I am trying to get a string of length 15 to be used as primary key in database tables. The following code in java returns some key with length 35

UUID.randomUUID().toString()
  1. Can I change it to return a key of the length 15 ?
  2. How to ensure thread safety?

Any help is greatly appreciated.

问题回答

Why don t you make use of Oracle s sequence facility? You can t do anything better/safer using Java.

Edit: Your main concern is thus database performance. You didn t want to connect "again" to get the generated ID from the database. This concern is not needed if you just make use of connection pooling and just reuse the same connection to obtain the generated key immediately. Most JDBC drivers can give you the generated key back by Statement#getGeneratedKeys(). The newer JDBC drivers of Oracle supports it.

Here s a basic example:

Connection connection = null;
PreparedStatement preparedStatement = null;
ResultSet generatedKeys = null;

try {
    connection = database.getConnection();
    preparedStatement = connection.prepareStatement("INSERT INTO user (name, age) VALUES (?, ?)";
    preparedStatement.setString(user.getName());
    preparedStatement.setInteger(user.getAge());
    int affectedRows = preparedStatement.executeUpdate();
    if (affectedRows == 0) {
        throw new DAOException("Creating user failed, no rows affected.");
    }
    generatedKeys = preparedStatement.getGeneratedKeys();
    if (generatedKeys.next()) {
        user.setId(generatedKeys.getLong(1)); // Here s the magic.
    } else {
        throw new DAOException("Creating user failed, no generated key obtained.");
    }
} catch (SQLException e) {
    throw new DAOException(e);
} finally {
    close(connection, preparedStatement, generatedKeys);
}

randomUUID() does not create a real UUID (based on time, node, etc) but a pseudo random value. Assuming, the randomness is sufficiant, you should be able to pick any 15 chars from the 35 char UUID to create a random number - less strong compared to UUID but maybe sufficiant.

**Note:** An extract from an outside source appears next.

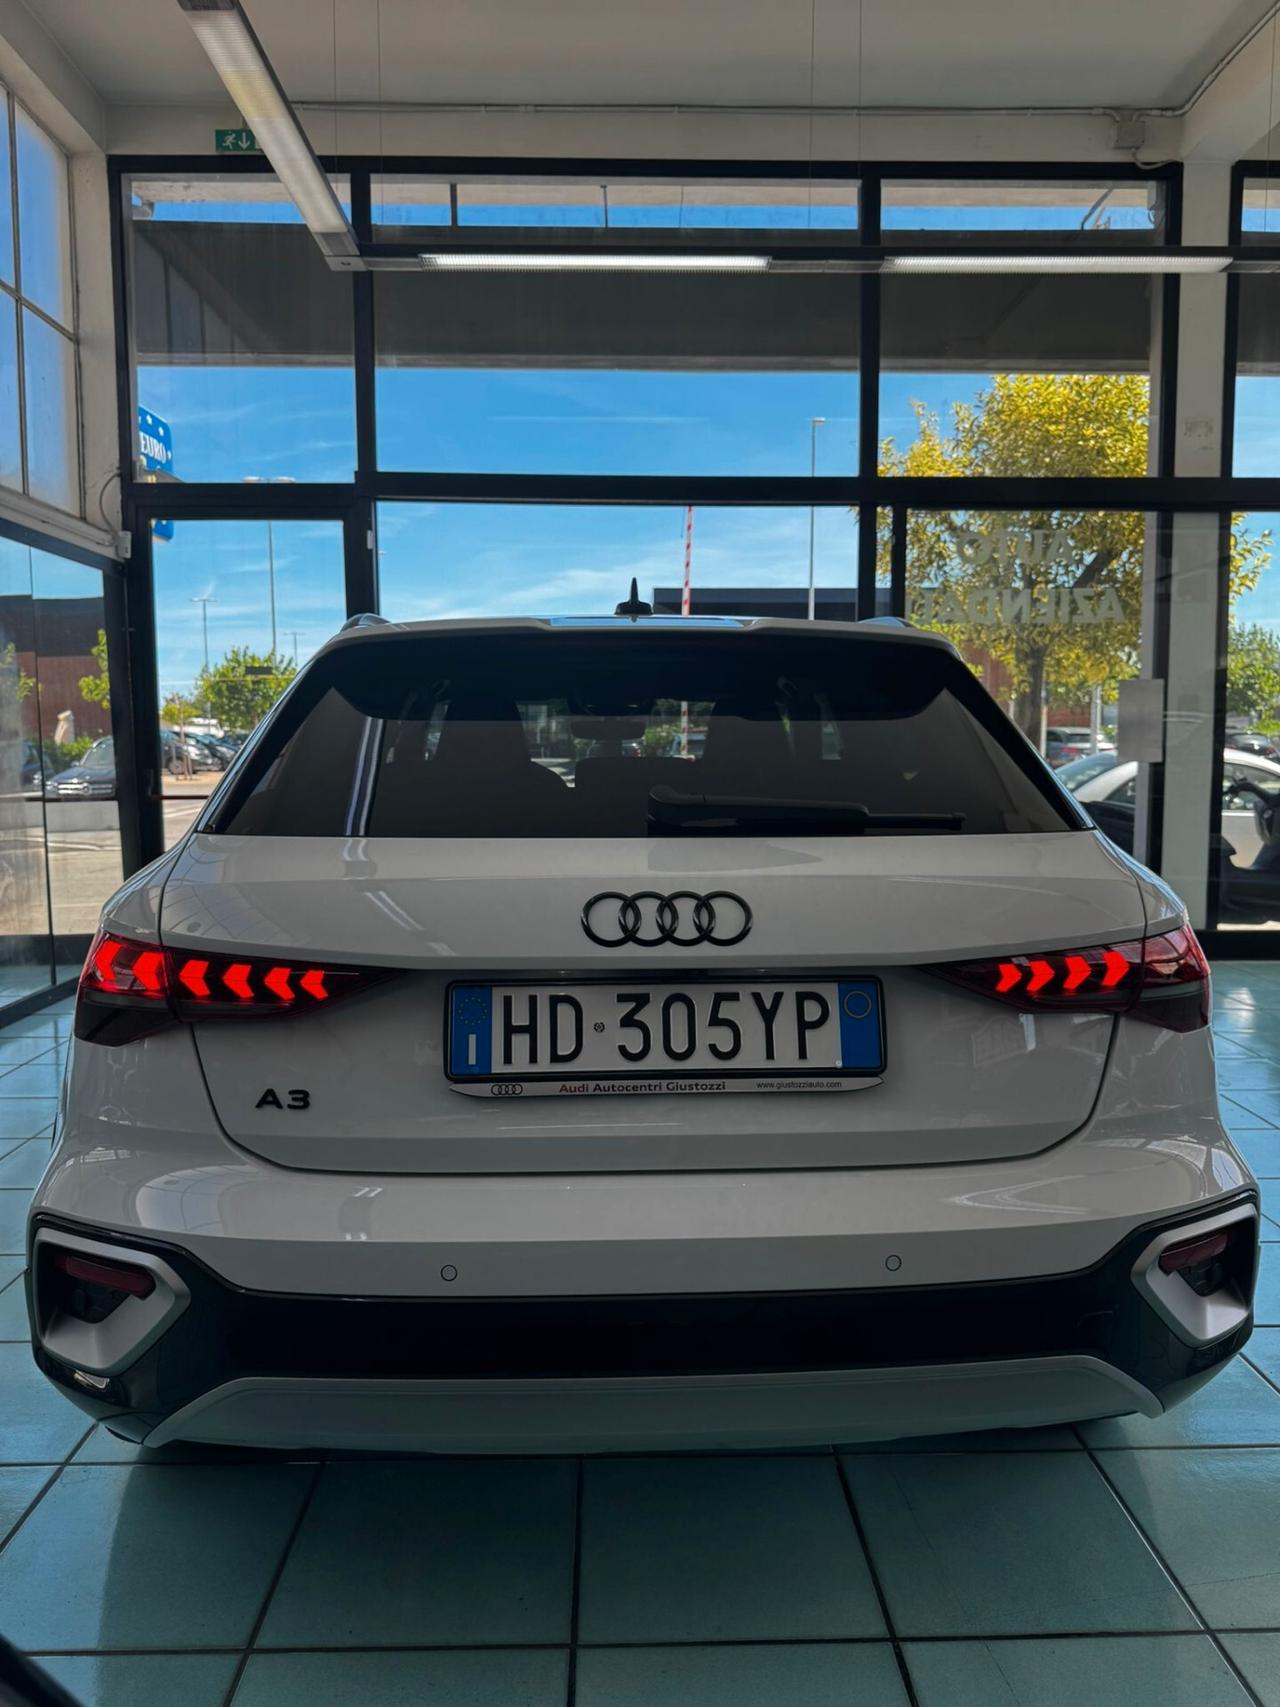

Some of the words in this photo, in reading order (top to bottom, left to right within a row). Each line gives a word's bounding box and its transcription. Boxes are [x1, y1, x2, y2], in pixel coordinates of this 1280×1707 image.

To really prevent clashes, you will need to maintain a sequence generator. If you don t want to use oracle, maybe a file based sequence generator is sufficiant? (next available sequence number is stored in a configuration file before it is used)

If you really need to generate your own keys, you could try JUG. You specifically asked for strings of length 15 - JUG cannot give you this. I m not sure why this matters so assuming all you really care about is uniqueness, UUIDs are 128-bit (if I remember right) and are displayed in hexadecimal when string formatted.